SP Council Taking More Time to Study Downtown Park
The Southern Pines Town Council will continue to seek public input on a conceptual master plan for the Downtown Park while town officials work on prioritizing implementation and determining how to fund the $7.5 million project over time.
“We’ve had questions about how things could be phased in and what aspects of the plan could be tweaked,” council member Chris Smithson said. “There’s no funding right now, so not adopting a plan until early next year doesn’t change when we might start work.”
Town Manager Reagan Parsons is working with staff to develop a short-term implementation schedule.
“By short term, we mean five years instead of 30 years,” Parsons said. “Prior to adoption, the council wishes to consider shorter-term projects should the overall plan be accepted. They just want to see more data.”
Parsons hopes to present the findings Jan. 28 at the council’s monthly work session. He added that public input will be accepted at least through the council’s Feb. 12 monthly meeting.
“We look forward to receiving further comments and constructive suggestions that will enhance the future of this important community asset,” he said.
The plan focuses on creating more green space. But it also calls for realignment of the basketball and tennis courts, replacing the Rainey shelter, adding a splash pad, building an entertainment pavilion, and creating walkways, among other new features and improvements.
So far, public opinion has weighed heavily against one aspect of the plan: a new three-story municipal building at an estimated cost of $5.5 million. Town officials have said the building, if constructed, would be the last feature to be implemented.
“The building is just a placeholder,” council member Mike Fields said. “The plan is not saying that it will ever be built, but here’s where it could go.”

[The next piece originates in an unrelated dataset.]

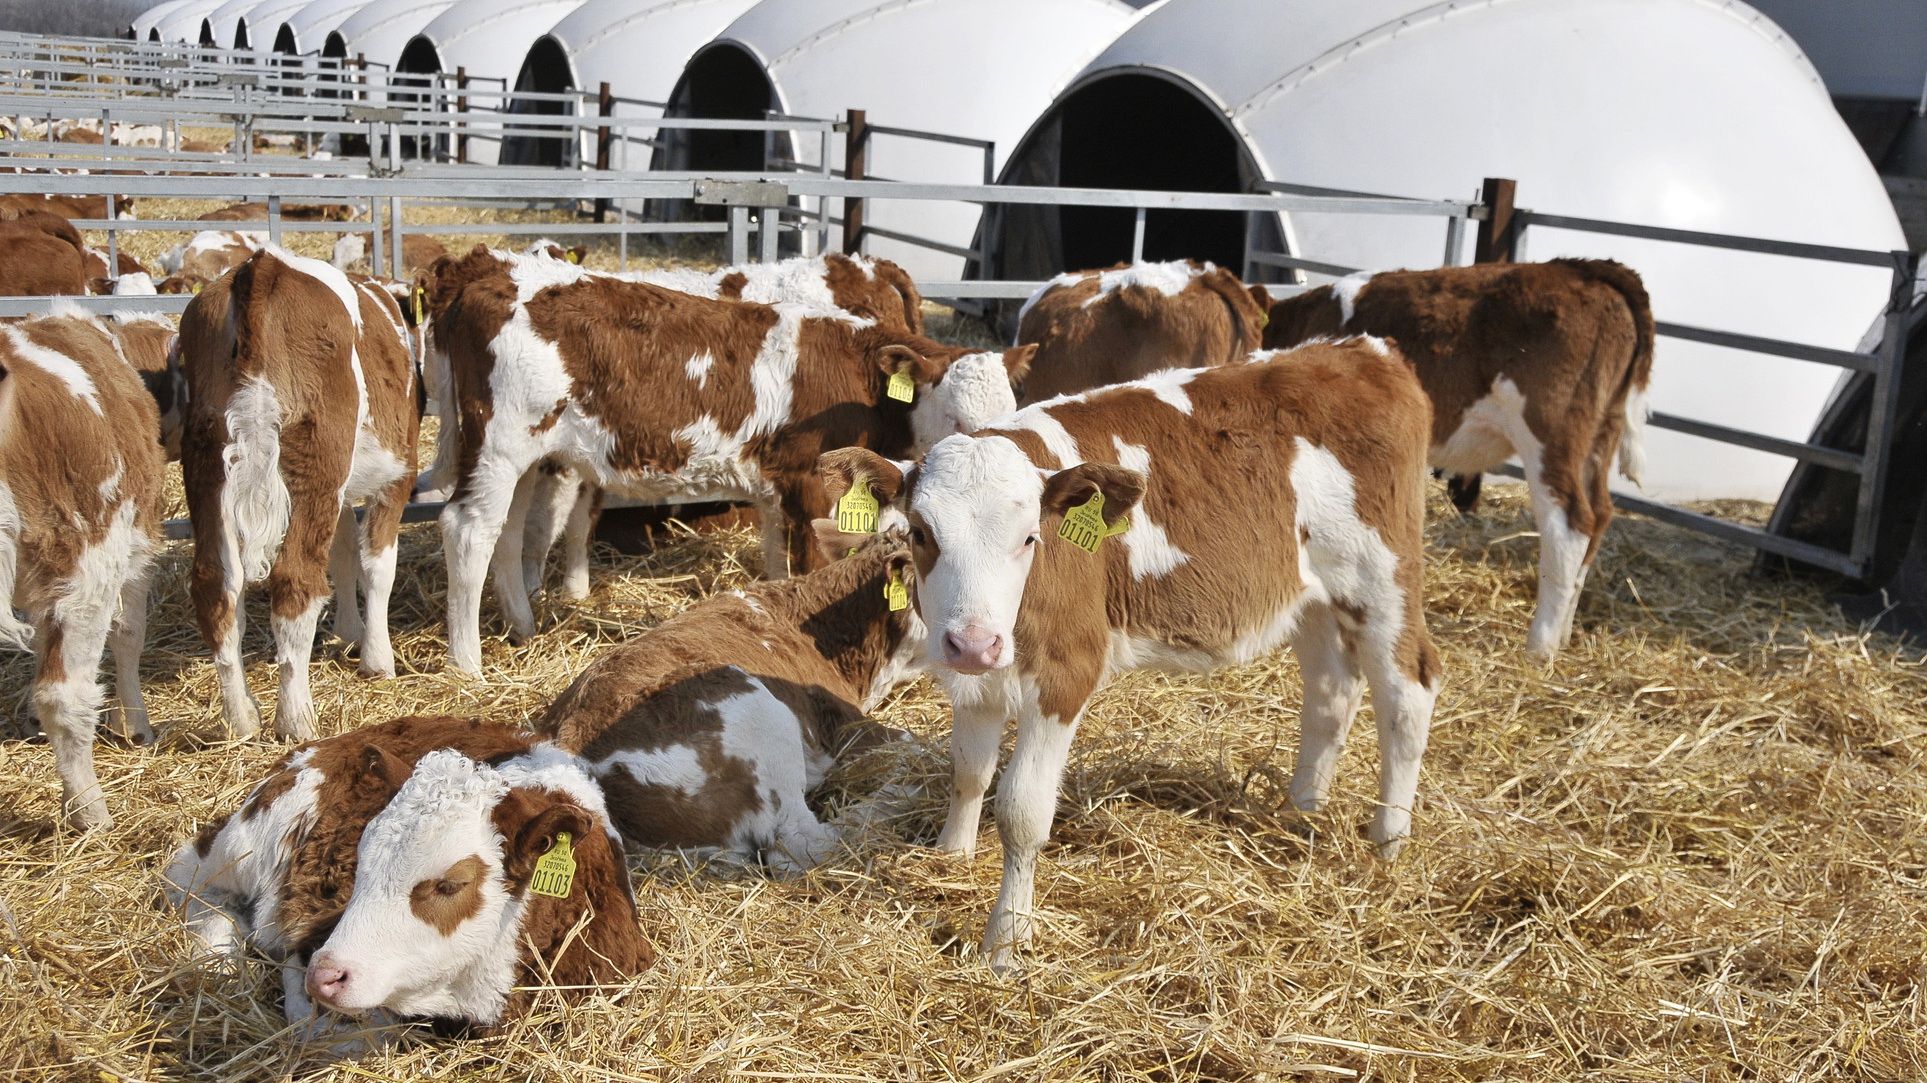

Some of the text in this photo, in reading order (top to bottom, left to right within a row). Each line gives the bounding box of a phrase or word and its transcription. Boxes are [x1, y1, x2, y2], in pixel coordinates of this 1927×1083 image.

Smithson noted that even without the building, implementing the plan would still cost more than $2 million.
“We need to figure out how to budget for it over many years,” he said. “We also need time to work on a plan to seek grants and donations.”
“People generally love the overall concept, but there are a few specific items that have raised issues,” Fields said. “We’re not in a real hurry to pass anything. We’ve got to tweak the plan a little bit and look at what makes the most sense.
“We’ve also got to look at our budget and see what we can afford.”
Fields and Smithson agree that replacing the Rainey shelter is a priority.
“I think something should have been done on the shelter a long time ago,” Smithson said. “We need a new shelter and decent bathrooms in the park.”
Smithson also questioned the need for a splash pad.
“It’s not a year-round amenity like everything else,” he said. “A water feature would be more expensive and of more limited use.”
Speculation about the Downtown Park’s future has gone on since 2006, when the town’s old municipal building on Broad Street was demolished. The one-story building had been constructed in the 1950s.
The town originally planned to build a new two-story municipal complex on the site of the old one. It was to include a police station, meeting chambers and administrative offices.
Architects came up with several designs for a new complex, but none were accepted by town leaders or residents. They argued that the building was too big and not in harmony with the surrounding residential area or the downtown.
The park is bound by Broad and Ashe streets and Pennsylvania and New York avenues. On-site amenities include a playground, the tennis and basketball courts, the Rainey shelter, public restrooms and a town administration building.